INPUT:
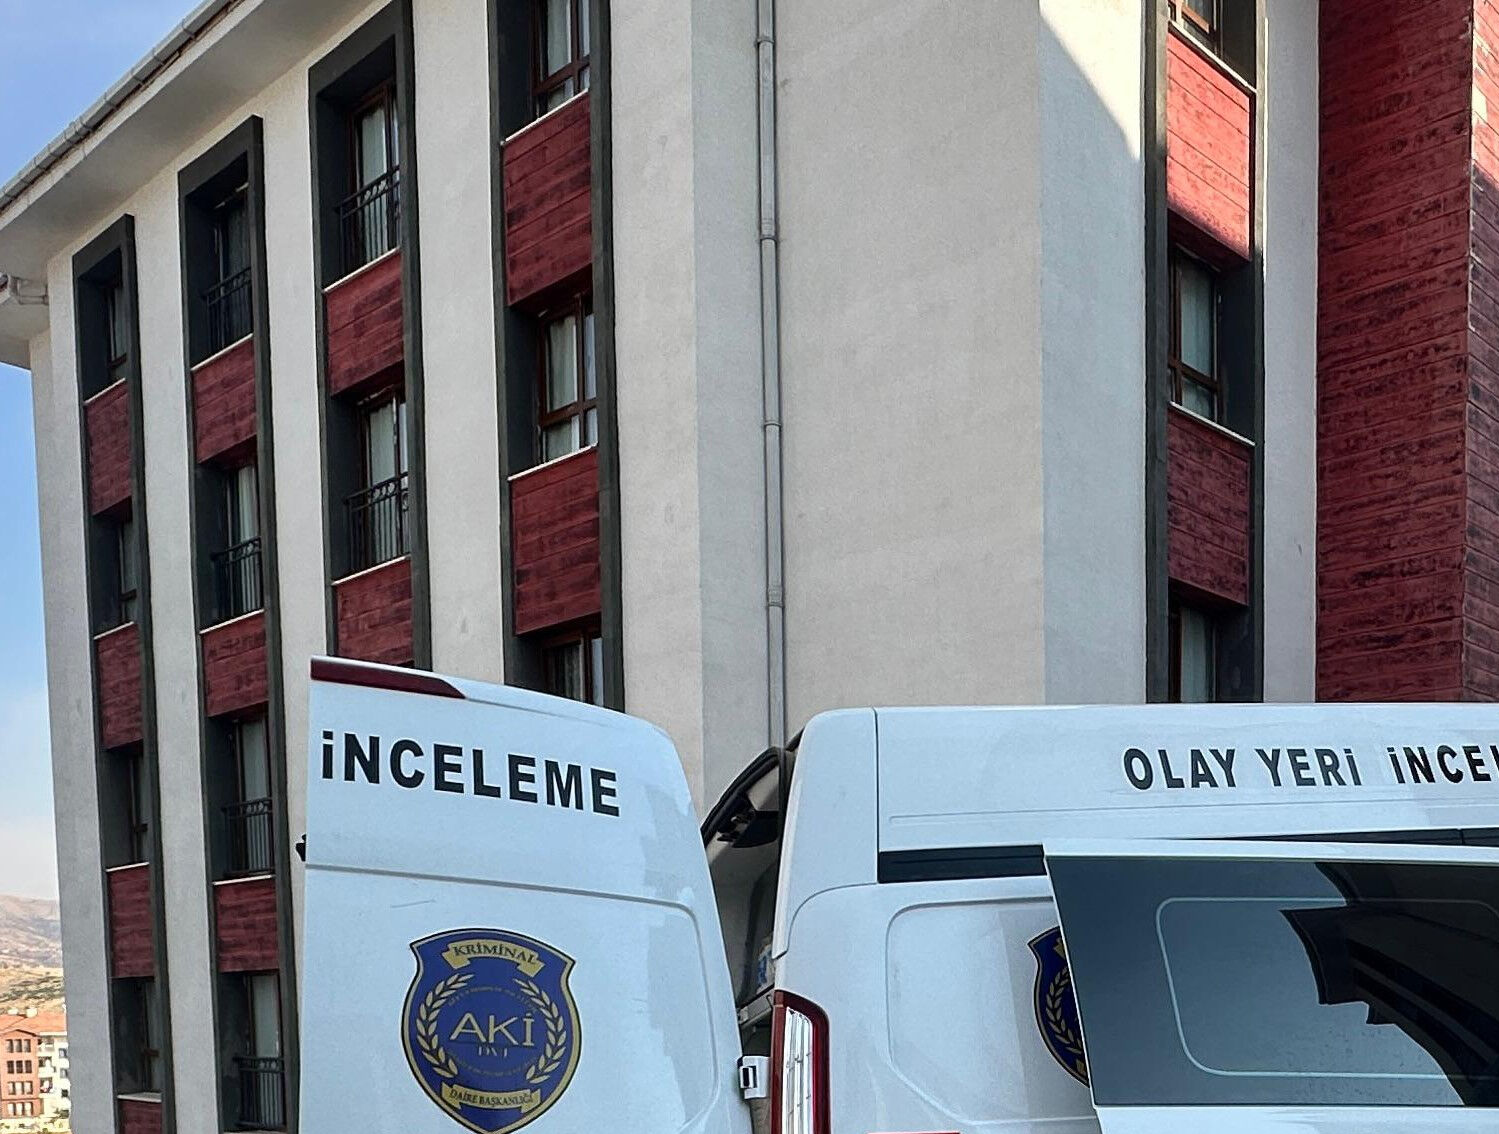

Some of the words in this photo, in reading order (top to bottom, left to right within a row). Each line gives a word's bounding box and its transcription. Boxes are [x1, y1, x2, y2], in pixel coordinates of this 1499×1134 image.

[1123, 747, 1238, 790] OLAY
[453, 942, 539, 964] KRİMİNAL
[450, 1011, 536, 1047] AKİ
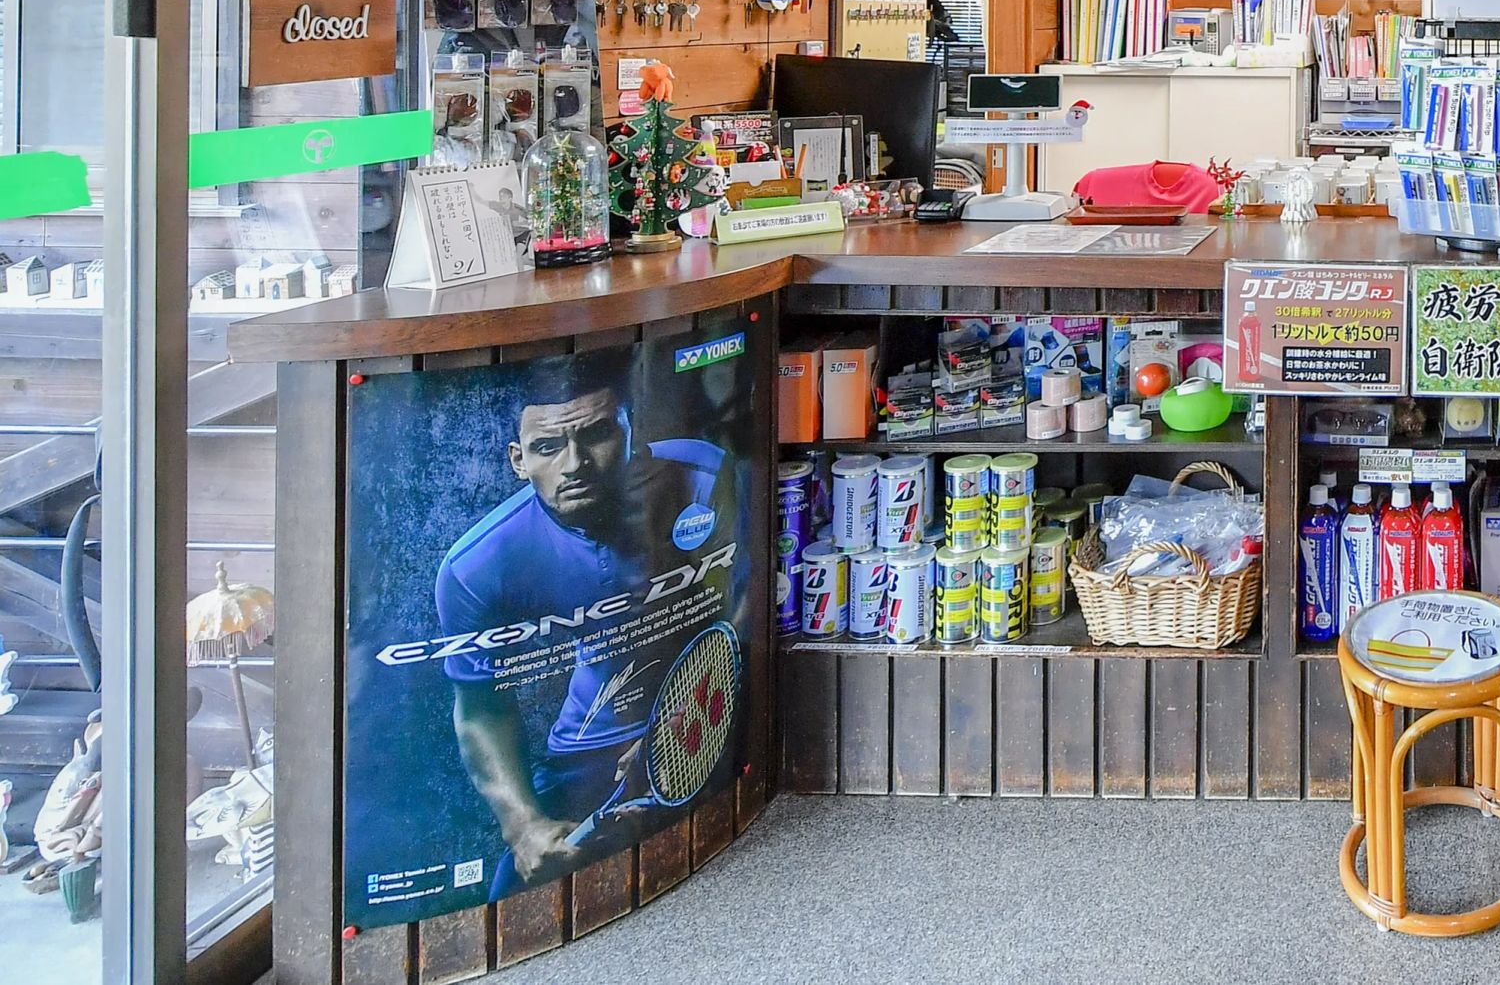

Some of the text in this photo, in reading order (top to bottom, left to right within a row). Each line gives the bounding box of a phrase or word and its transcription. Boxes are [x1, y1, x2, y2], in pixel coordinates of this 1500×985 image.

[283, 4, 371, 43] closed
[1239, 279, 1393, 301] クエン酸コンク RJ
[1275, 306, 1322, 317] 30倍希釈
[1335, 307, 1392, 319] 27リットル分
[1271, 324, 1399, 343] 1リットルで約50円
[705, 336, 741, 360] YONEX
[676, 523, 711, 537] BLUE
[376, 542, 737, 666] EZONE DR
[1401, 599, 1480, 615] 手荷物置きに
[495, 586, 715, 667] It generates power and has great control, giving me the
[1401, 609, 1500, 628] ご利用ください。
[494, 592, 723, 679] confidence to take those risky shots and play aggressively.

WORK TO COMPLETE:
Nothing but an exact repeat of the records, pictures excluded, belongs in the answer.

SOLUTION:
Some of the words in this photo, in reading order (top to bottom, left to right within a row). Each line gives a word's bounding box and its transcription. Boxes are [x1, y1, x2, y2], in pixel coordinates of this 1499×1134 image.

[1123, 747, 1238, 790] OLAY
[453, 942, 539, 964] KRİMİNAL
[450, 1011, 536, 1047] AKİ

Some of the text in this photo, in reading order (top to bottom, left to right within a row). Each line gives the bounding box of a phrase or word and its transcription. Boxes are [x1, y1, x2, y2], in pixel coordinates of this 1500×985 image.

[283, 4, 371, 43] closed
[1239, 279, 1393, 301] クエン酸コンク RJ
[1275, 306, 1322, 317] 30倍希釈
[1335, 307, 1392, 319] 27リットル分
[1271, 324, 1399, 343] 1リットルで約50円
[705, 336, 741, 360] YONEX
[676, 523, 711, 537] BLUE
[376, 542, 737, 666] EZONE DR
[1401, 599, 1480, 615] 手荷物置きに
[495, 586, 715, 667] It generates power and has great control, giving me the
[1401, 609, 1500, 628] ご利用ください。
[494, 592, 723, 679] confidence to take those risky shots and play aggressively.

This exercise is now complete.